:: SUPPLIED DATA ::

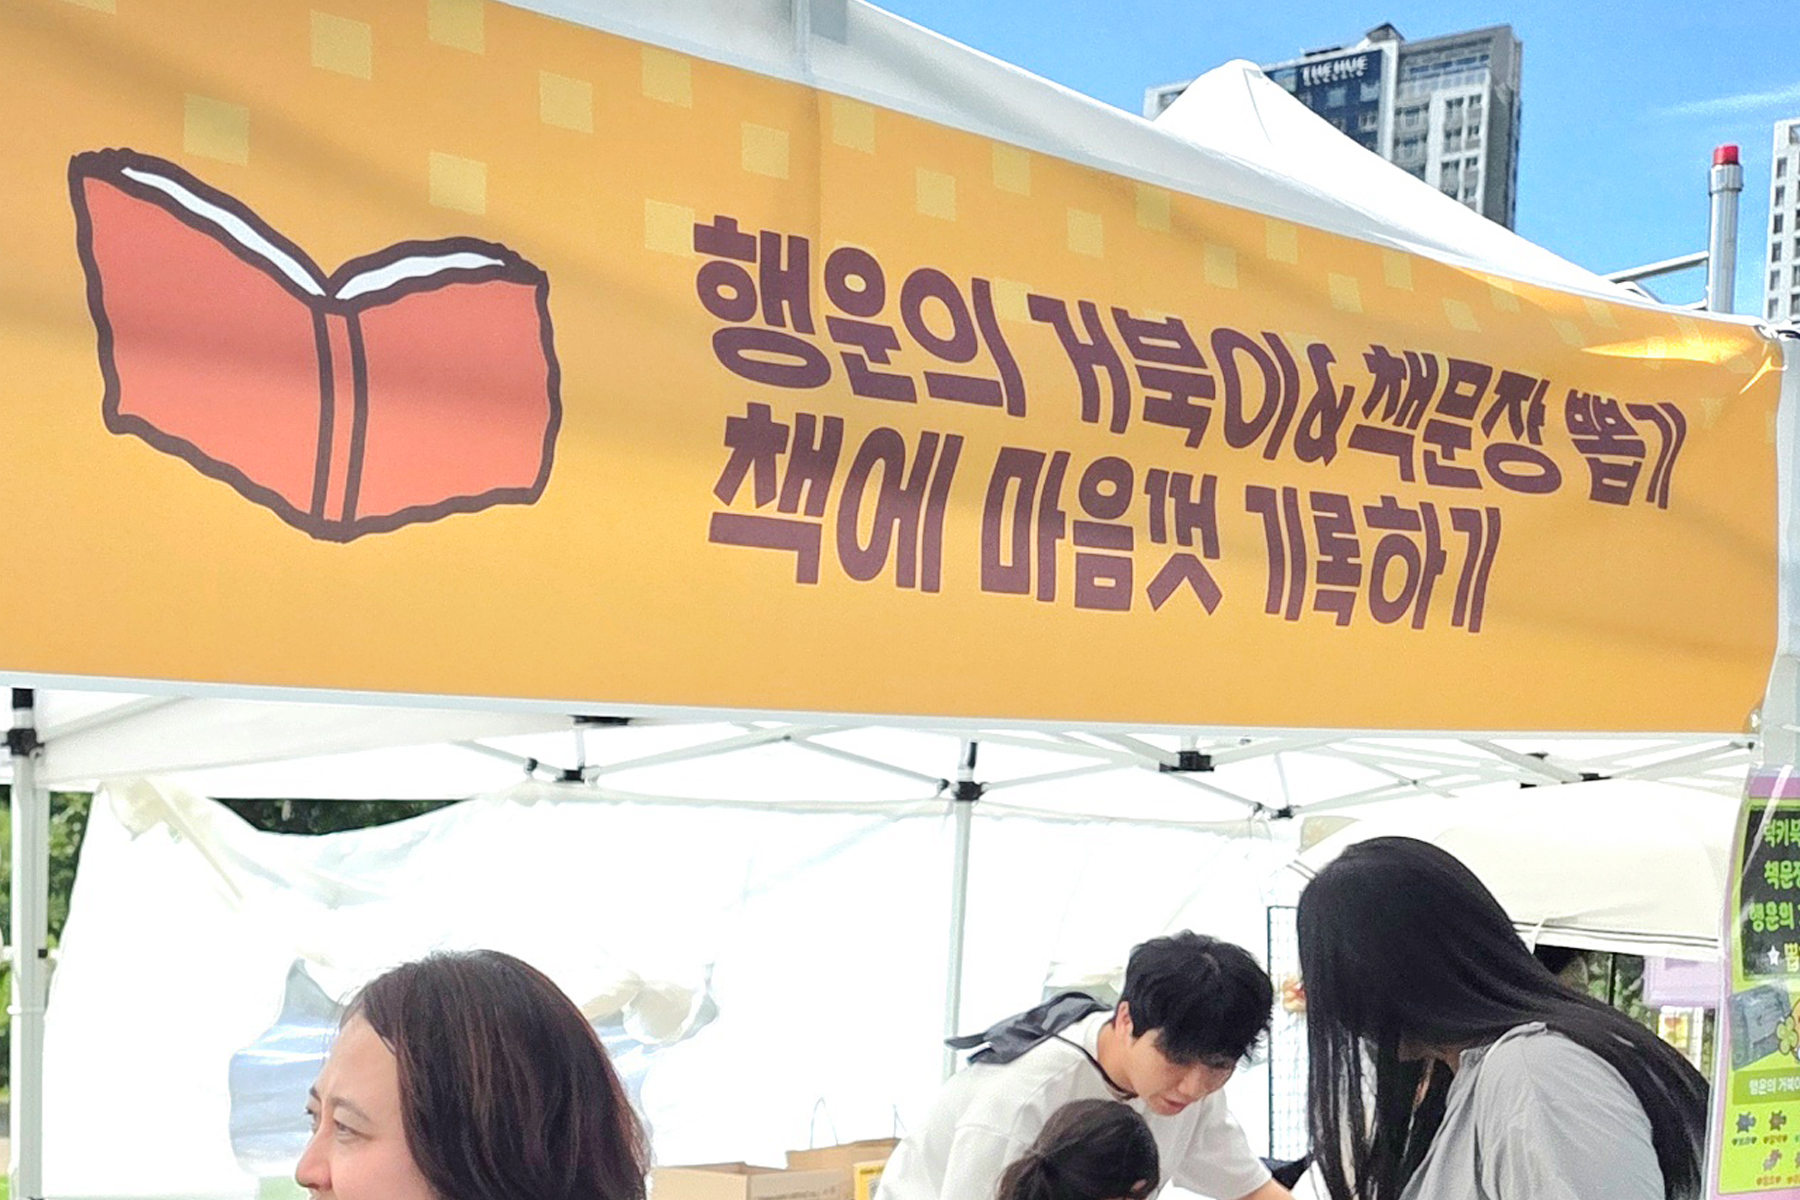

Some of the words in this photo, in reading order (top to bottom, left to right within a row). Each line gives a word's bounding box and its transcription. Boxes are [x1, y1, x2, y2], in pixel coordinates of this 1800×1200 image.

[693, 214, 1028, 417] 행운의
[1026, 294, 1563, 495] 거북이&책문장
[1564, 388, 1688, 511] 뽑기
[707, 402, 963, 593] 책에
[980, 446, 1223, 617] 마음껏
[1244, 485, 1501, 633] 기록하기
[1749, 901, 1795, 932] 행운의
[1749, 1078, 1776, 1096] 행운의
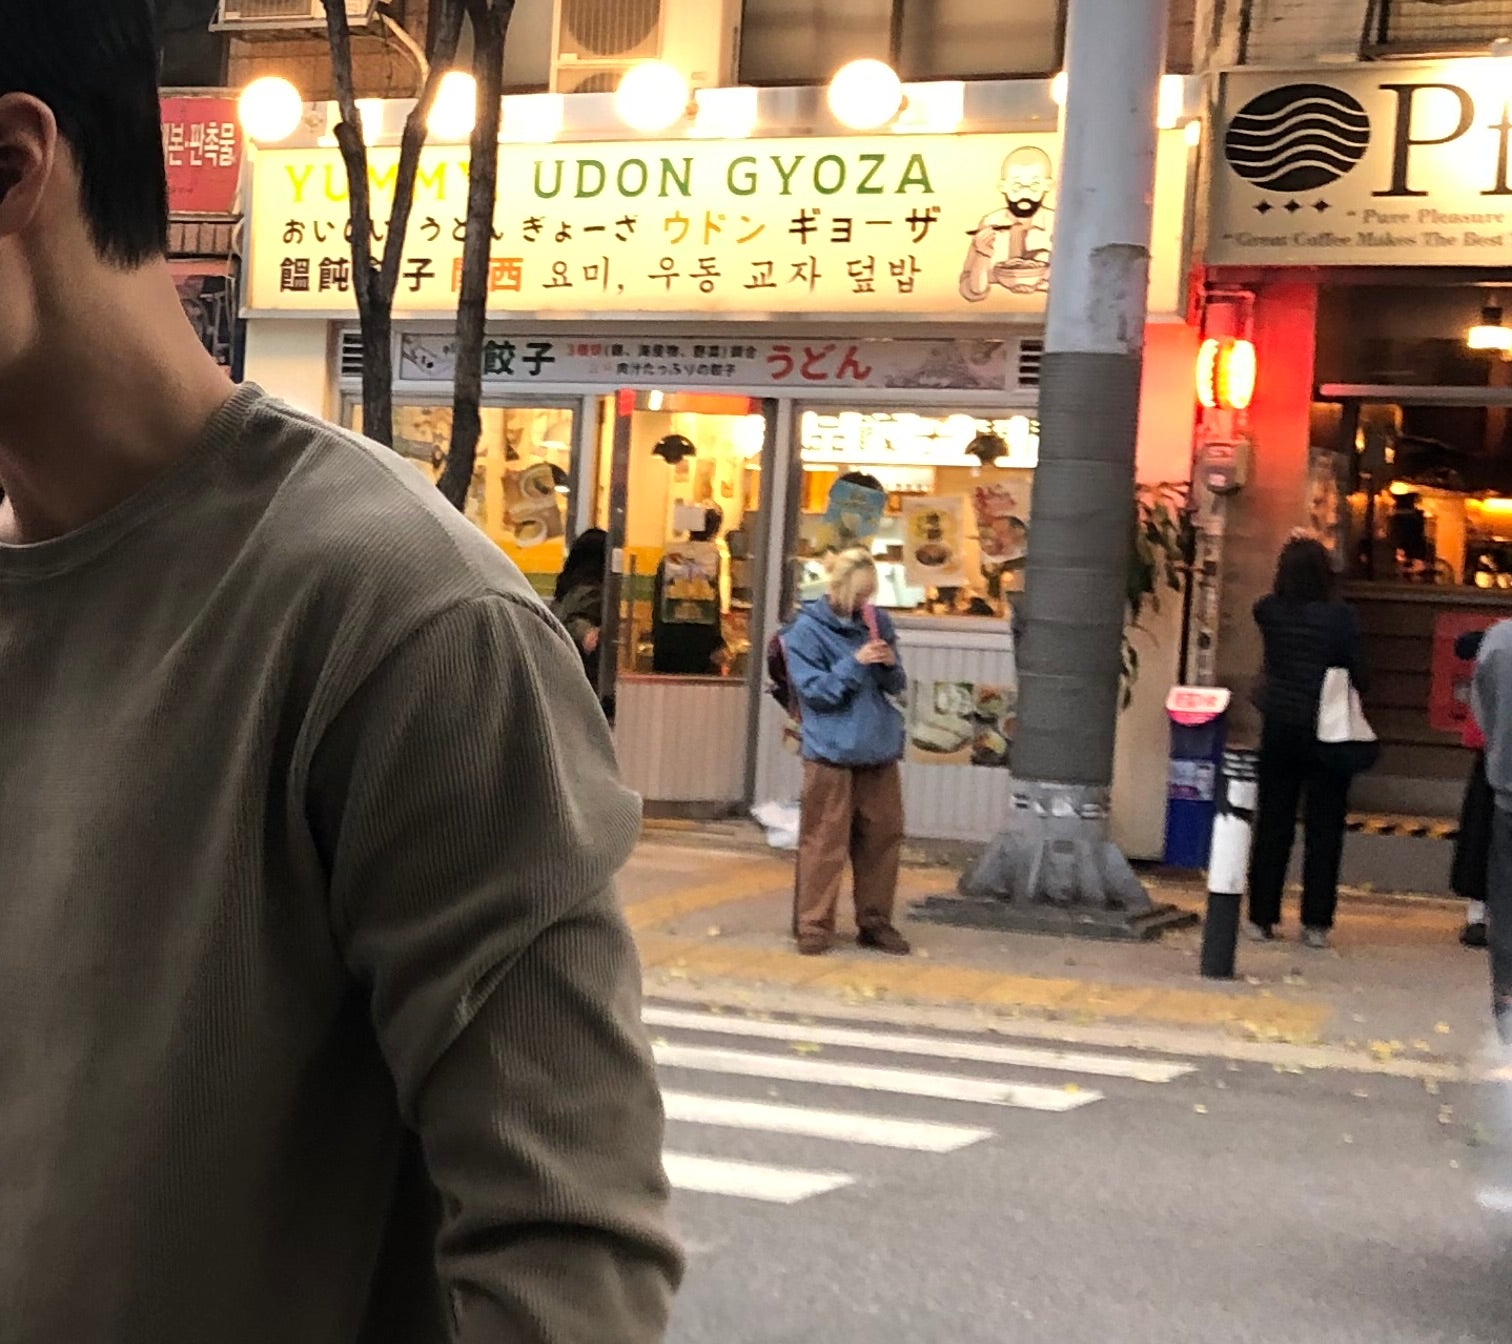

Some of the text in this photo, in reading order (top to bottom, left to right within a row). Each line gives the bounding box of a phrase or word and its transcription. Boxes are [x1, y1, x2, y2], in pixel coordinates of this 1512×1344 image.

[285, 152, 936, 203] YUMM UDON GYOZA
[522, 212, 641, 243] ぎょーざ
[662, 209, 767, 246] ウドン
[787, 205, 943, 246] ギョーザ
[279, 256, 436, 294] 饂飩子
[647, 257, 723, 294] 우동
[742, 256, 823, 293] 교자
[846, 255, 923, 294] 덮밥
[766, 343, 873, 382] うどん

:::

- _TASK DESCRIPTION_
Please print all the data above word for word. Pictures should not appear in the copy.

- _YOUR RESPONSE_
Some of the words in this photo, in reading order (top to bottom, left to right within a row). Each line gives a word's bounding box and its transcription. Boxes are [x1, y1, x2, y2], in pixel coordinates of this 1800×1200 image.

[693, 214, 1028, 417] 행운의
[1026, 294, 1563, 495] 거북이&책문장
[1564, 388, 1688, 511] 뽑기
[707, 402, 963, 593] 책에
[980, 446, 1223, 617] 마음껏
[1244, 485, 1501, 633] 기록하기
[1749, 901, 1795, 932] 행운의
[1749, 1078, 1776, 1096] 행운의

Some of the text in this photo, in reading order (top to bottom, left to right within a row). Each line gives the bounding box of a phrase or word and its transcription. Boxes are [x1, y1, x2, y2], in pixel coordinates of this 1512×1344 image.

[285, 152, 936, 203] YUMM UDON GYOZA
[522, 212, 641, 243] ぎょーざ
[662, 209, 767, 246] ウドン
[787, 205, 943, 246] ギョーザ
[279, 256, 436, 294] 饂飩子
[647, 257, 723, 294] 우동
[742, 256, 823, 293] 교자
[846, 255, 923, 294] 덮밥
[766, 343, 873, 382] うどん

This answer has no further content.